Вот что, камрад, – волосы ваши длинны, шляпа широкопола, а трость
суковата; правой руки указательный палец ваш с внутренней стороны отмечен
неотмывающимися чернилами. По всему этому вы есть поэт. А я чувствую к поэтам
такую же привязанность, как к собакам, и прошу вас отведать моего особого пива,
за которое я не беру денег.
– Заколоченный
дом Берхгольца, – продолжал он, когда особое пиво подействовало и когда я
выразил к этому дому неотвязный интерес, – известен мне довольно давно.
Вам многие наговорят об доме Берхгольца невесть какой чепухи; я один знаю, как
было дело. Берхгольц повесился перед завтраком, ровно в полдень. Он оставил
записку, из которой ясно, что привело его к такому концу: крах банка. Состояние
улетучилось. Казалось бы, делу конец, но жильцы меньше чем через год выехали
все из этого дома. Все это были почтенные, солидные люди, к которым не
придерешься. Сколько было голов, столько и причин выезда, но ни один не сказал,
что его мучат стуки или хождения, или еще там не знаю какие страхи. Однако
стали говорить вскоре, что Берхгольц стучит в двери во все квартиры, когда же
дверь открывается, за ней никого нет. Солидный жилец как может признаться в
таких странных вещах? Никак – он потеряет всякий кредит. Поэтому-то все
приводили различнейшие причины, но все наконец выехали, и в доме стал гулять
ветер. Это было лет назад двадцать. Наследник сдал дом в аренду, а сам уехал в
Америку. Арендатор спился, и с тех пор никто не живет в доме, хотя были
охотники попробовать, не минуют ли их ужимки покойника. Пробы были недолгие.

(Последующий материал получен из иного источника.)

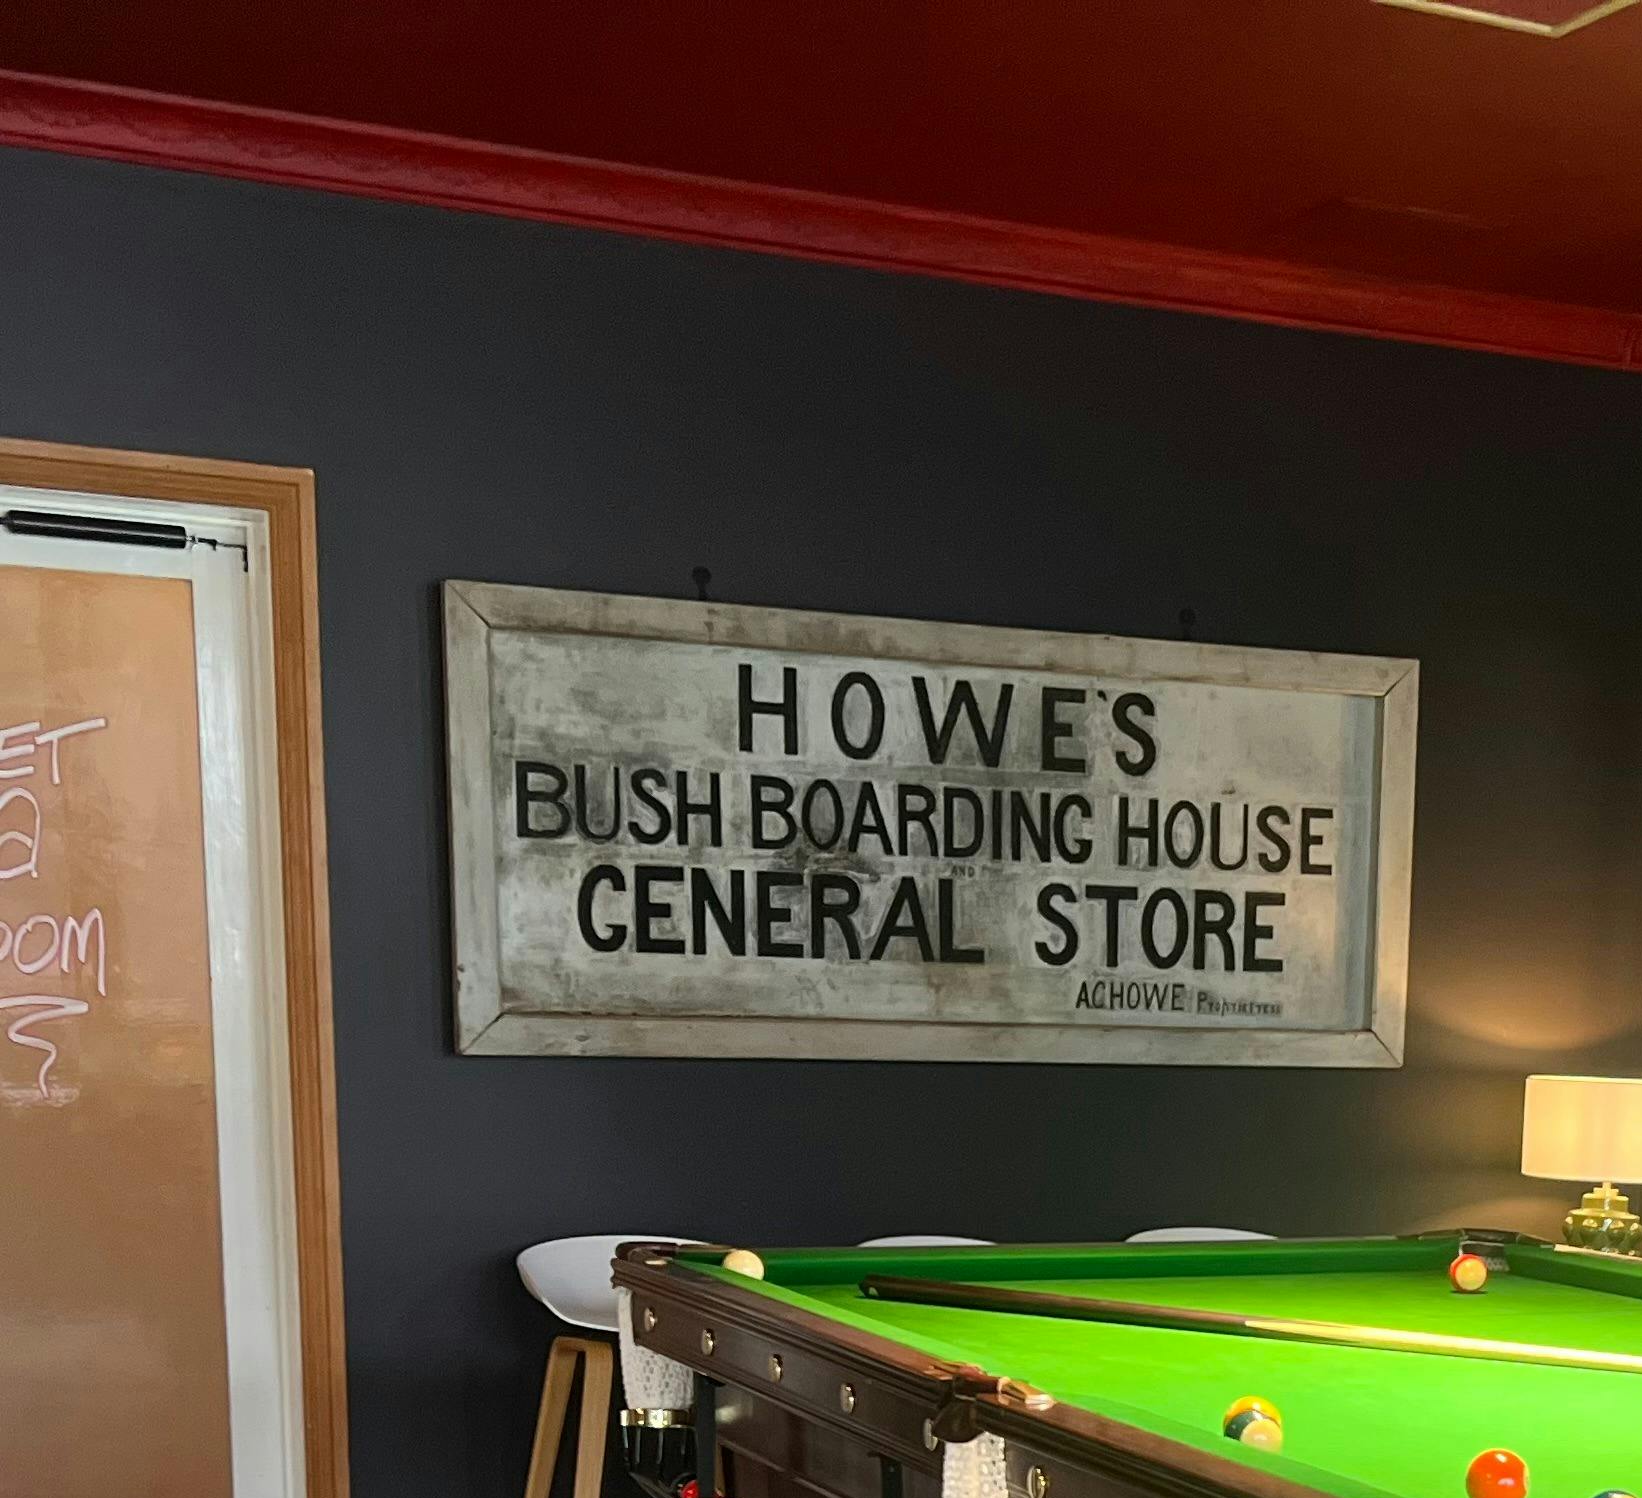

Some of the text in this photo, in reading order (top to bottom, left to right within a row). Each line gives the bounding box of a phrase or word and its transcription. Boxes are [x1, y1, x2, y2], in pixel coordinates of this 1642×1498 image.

[737, 663, 1157, 777] HOWE'S
[515, 761, 1335, 876] BUSH BOARDING HOUSE
[0, 906, 107, 998] OM
[577, 864, 1287, 974] GENERAL STORE

Скоро стали грузиться возы смельчаков – в отлет на более легкое место. Раз… был
я тогда моложе – я вызвался на пари с судьей Штромпом провести ночь среди, так
сказать, мертвецов и чертей…
– Чертей? –
спросил я довольно поспешно, чтобы не замять это слово, так как хозяин Вальтер
Аборциус имел обыкновение брать высокие ноты, не обращая внимания на оркестр, и
нахально спускать их, когда слушающий сам забирался на высоту. – А что же
черти, много ли их там?
– Как
сказать, – произнес самолюбивый Аборциус, потягивая особое пиво, которое
имело на него особое действие. – Как сказать и как понимать? Черти… да,
это были они, или что-нибудь в том же роде, но еще страшнее. Я прочитал молитву
и лег в кабинете Берхгольца – прошлым летом, как раз под Иванову ночь. Уже я
начинал засыпать, так как выпил перед тем особого пива, вдруг дверь, которую я
заставил курительным столиком, раскрылась так стремительно, что столик упал.

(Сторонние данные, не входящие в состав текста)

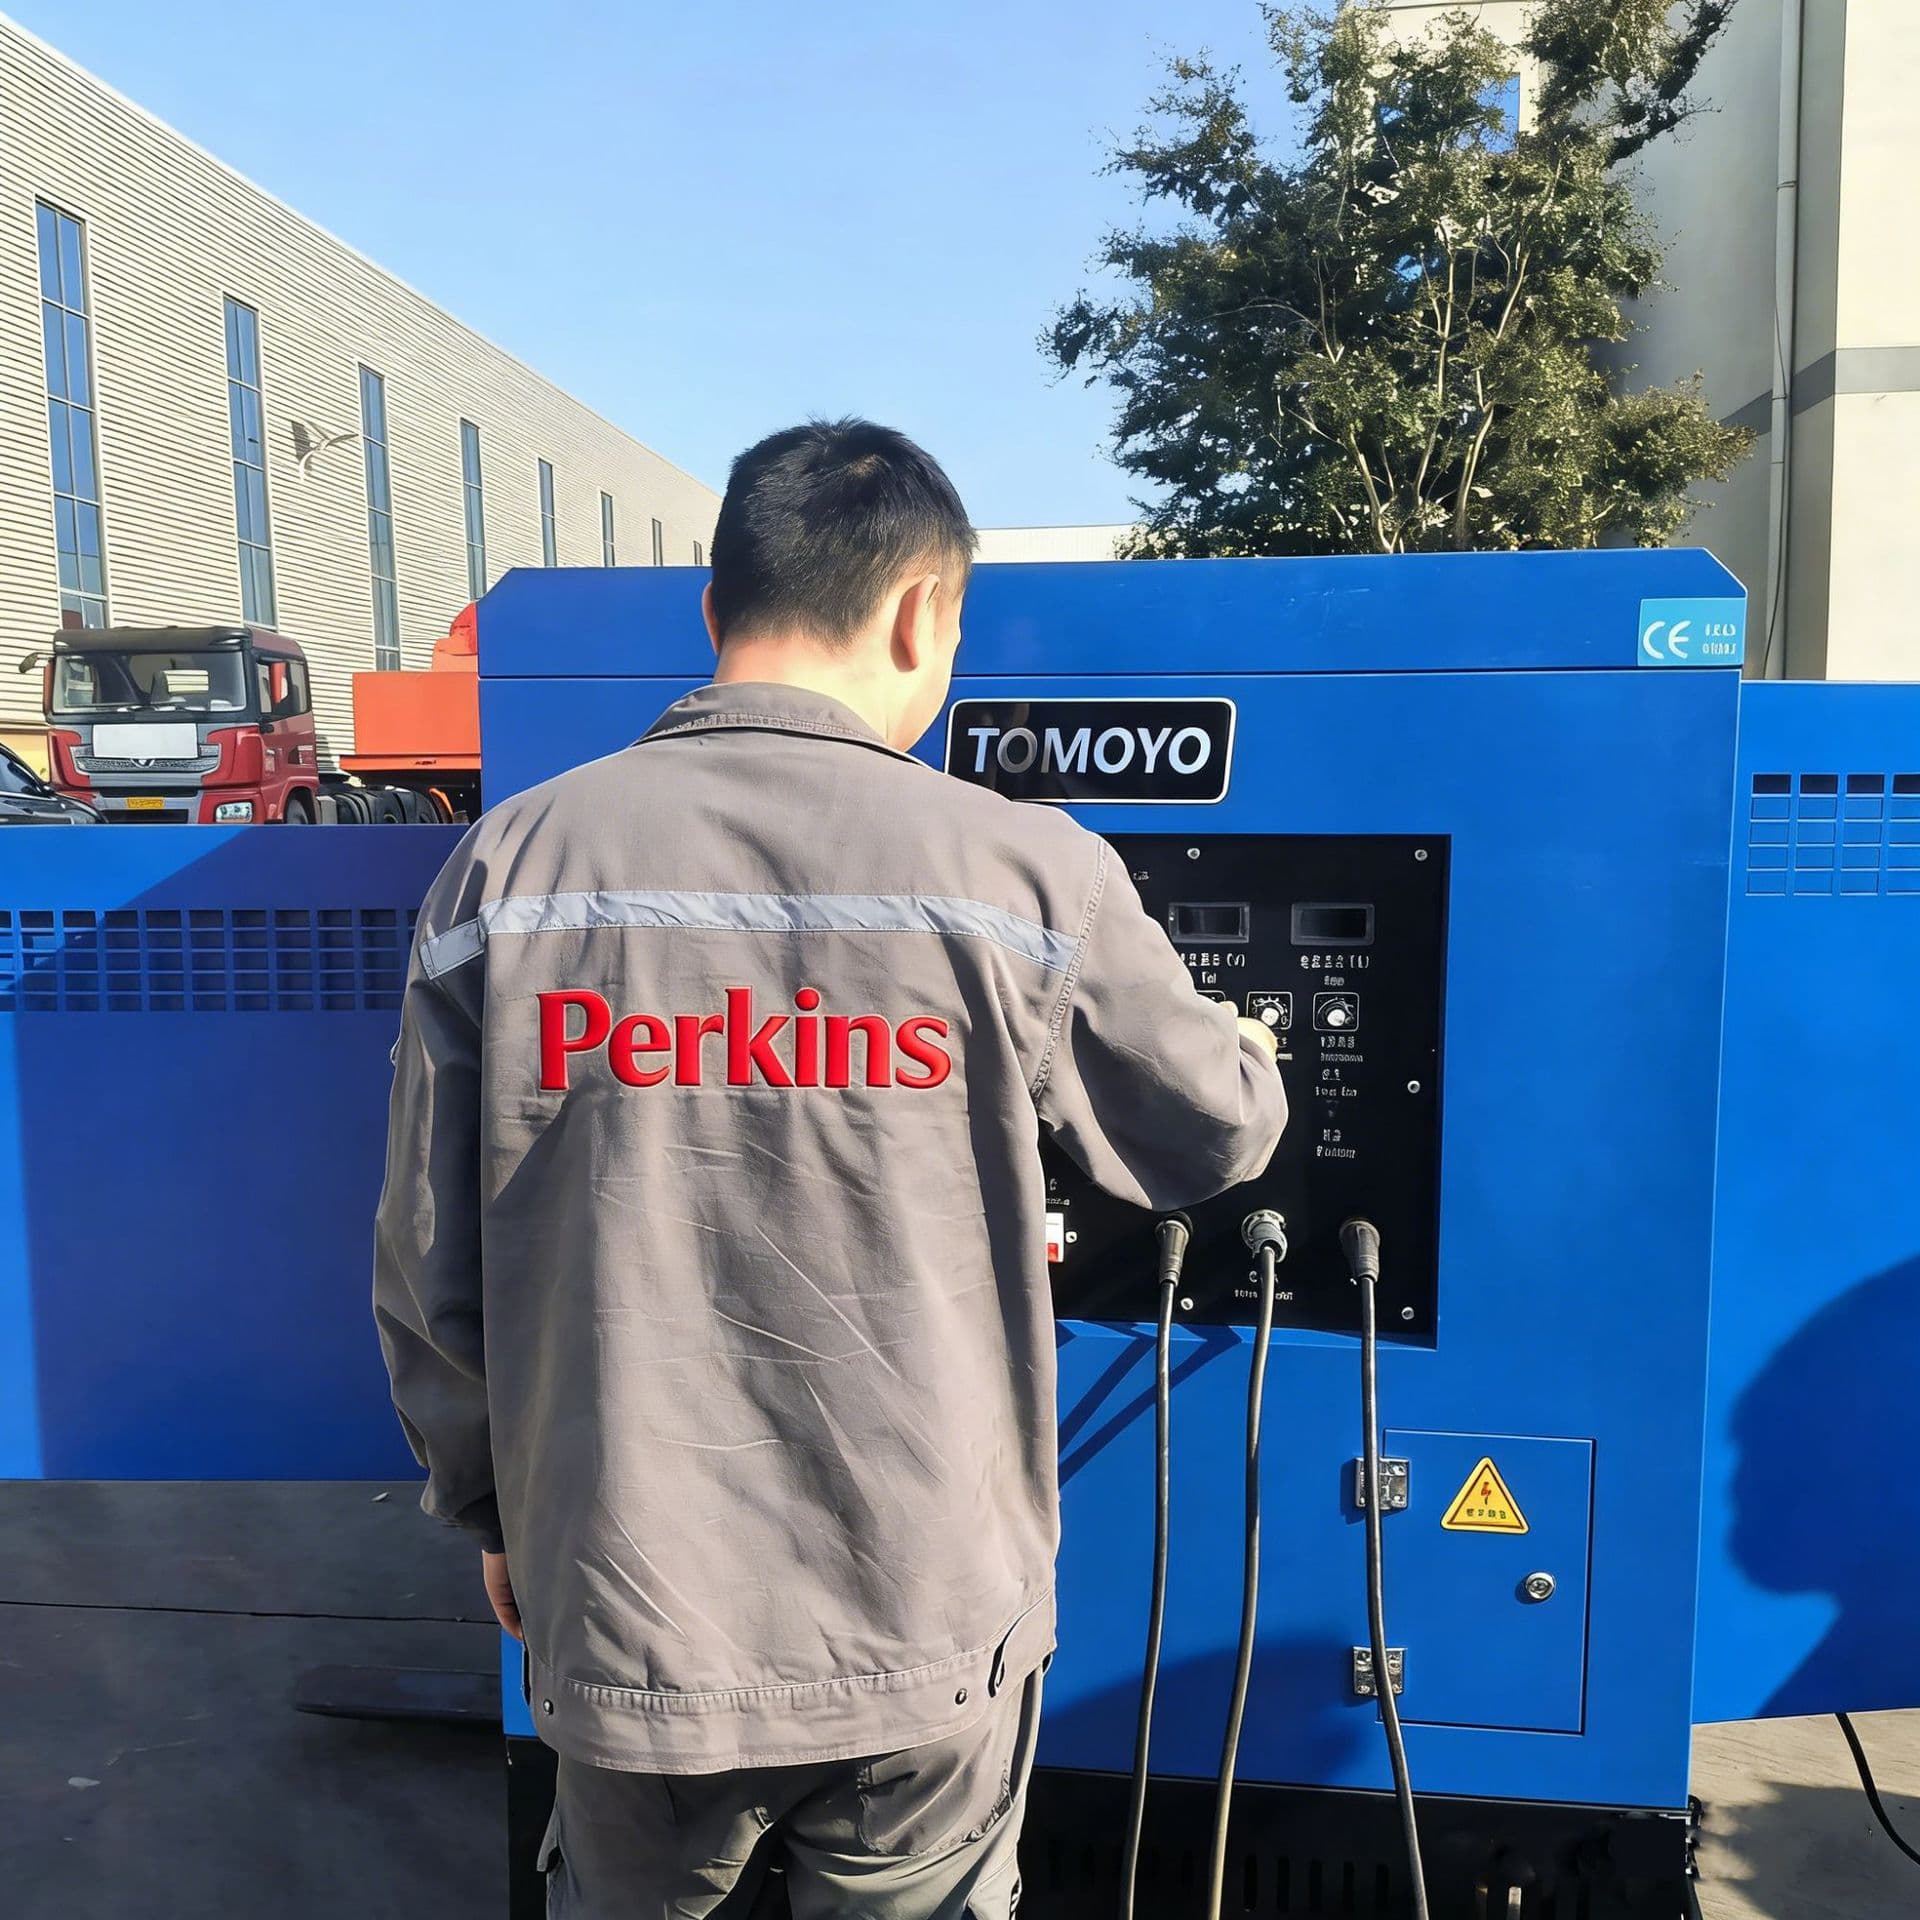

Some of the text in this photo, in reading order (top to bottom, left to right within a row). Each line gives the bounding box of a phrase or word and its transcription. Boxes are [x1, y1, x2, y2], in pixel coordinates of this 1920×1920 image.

Ветер прошел по комнате, свеча погасла, и я услышал, как над самым моим ухом
невидимая скрипка играет дьявольскую мелодию. Мелькнули образины, одна другой
нестерпимее. Что же?! Я не трус, но при таком положении дела почел за лучшее
выскочить в окно. Как я бежал – о том знают мои ноги да соседние огороды.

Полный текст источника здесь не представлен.